DESCRIPTION OF THE TASK
What you return must match the records below character for character, except that no picture appears.

Collected data:
================================
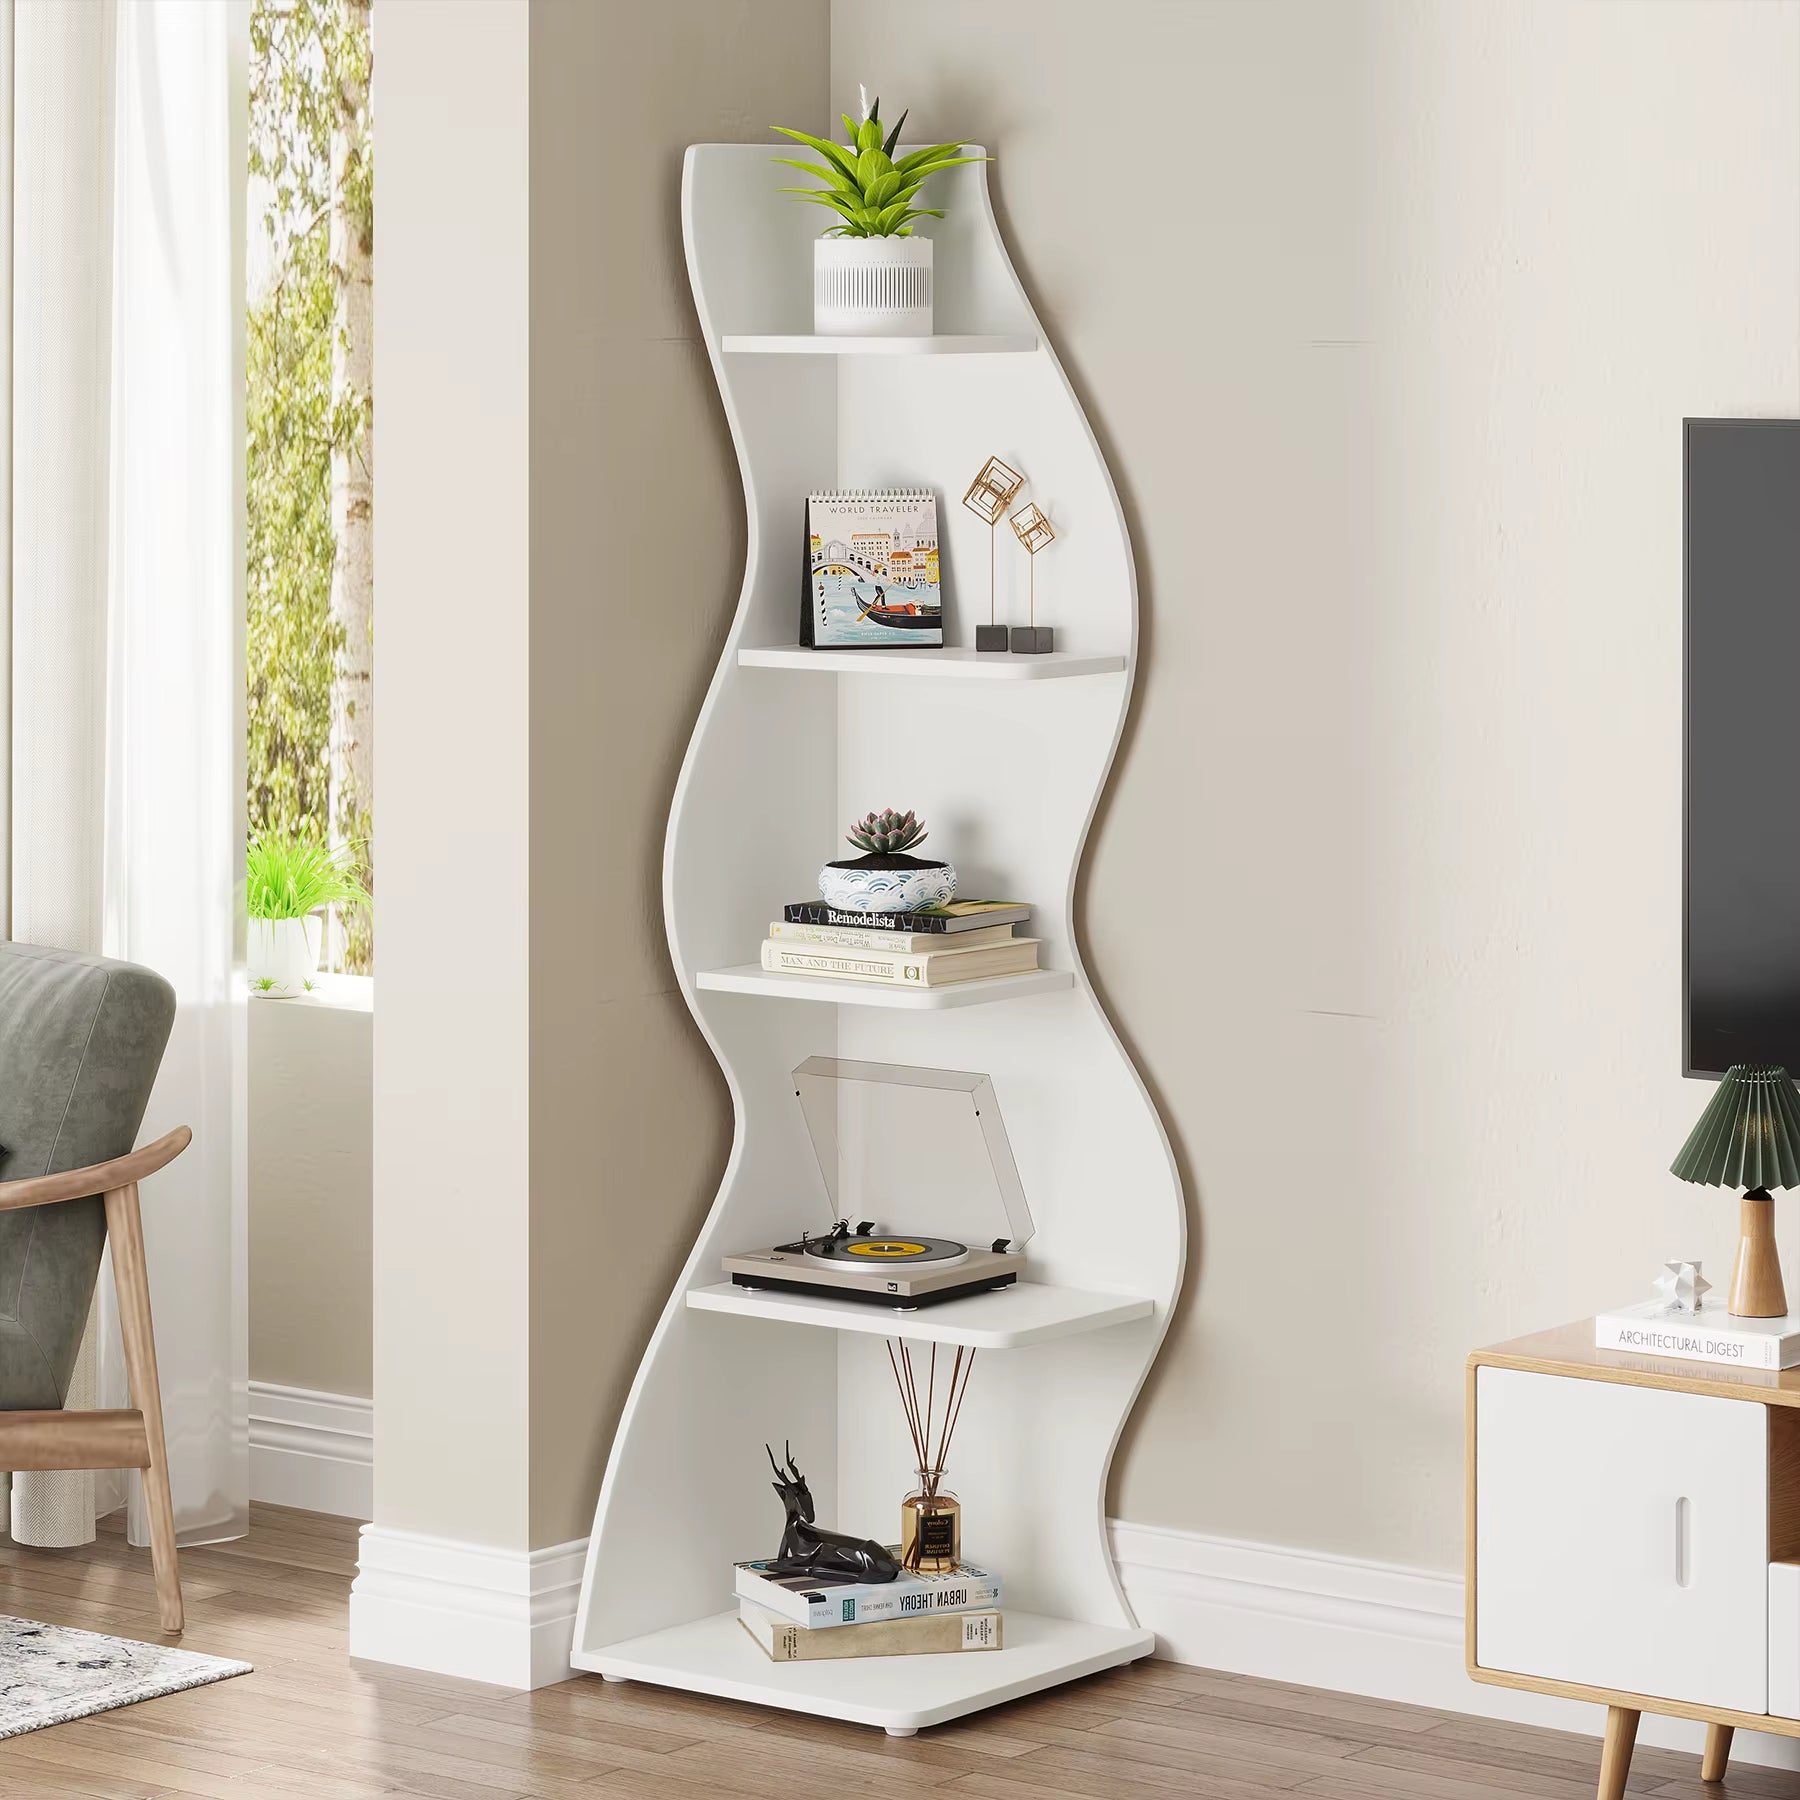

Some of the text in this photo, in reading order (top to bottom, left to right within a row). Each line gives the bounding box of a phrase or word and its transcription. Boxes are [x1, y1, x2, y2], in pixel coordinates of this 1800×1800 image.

[829, 505, 919, 514] WORLD TRAVELER
[827, 909, 896, 928] Remodelista
[781, 956, 803, 965] MAN
[807, 958, 828, 968] AND
[831, 960, 852, 970] THE
[854, 962, 894, 975] FUTURE
[1618, 1330, 1703, 1353] ARCHITECTURAL
[1706, 1341, 1745, 1358] DIGEST
================================
RESULT OF THIS TASK
Some of the text in this photo, in reading order (top to bottom, left to right within a row). Each line gives the bounding box of a phrase or word and its transcription. Boxes are [x1, y1, x2, y2], in pixel coordinates of this 1800×1800 image.

[829, 505, 919, 514] WORLD TRAVELER
[827, 909, 896, 928] Remodelista
[781, 956, 803, 965] MAN
[807, 958, 828, 968] AND
[831, 960, 852, 970] THE
[854, 962, 894, 975] FUTURE
[1618, 1330, 1703, 1353] ARCHITECTURAL
[1706, 1341, 1745, 1358] DIGEST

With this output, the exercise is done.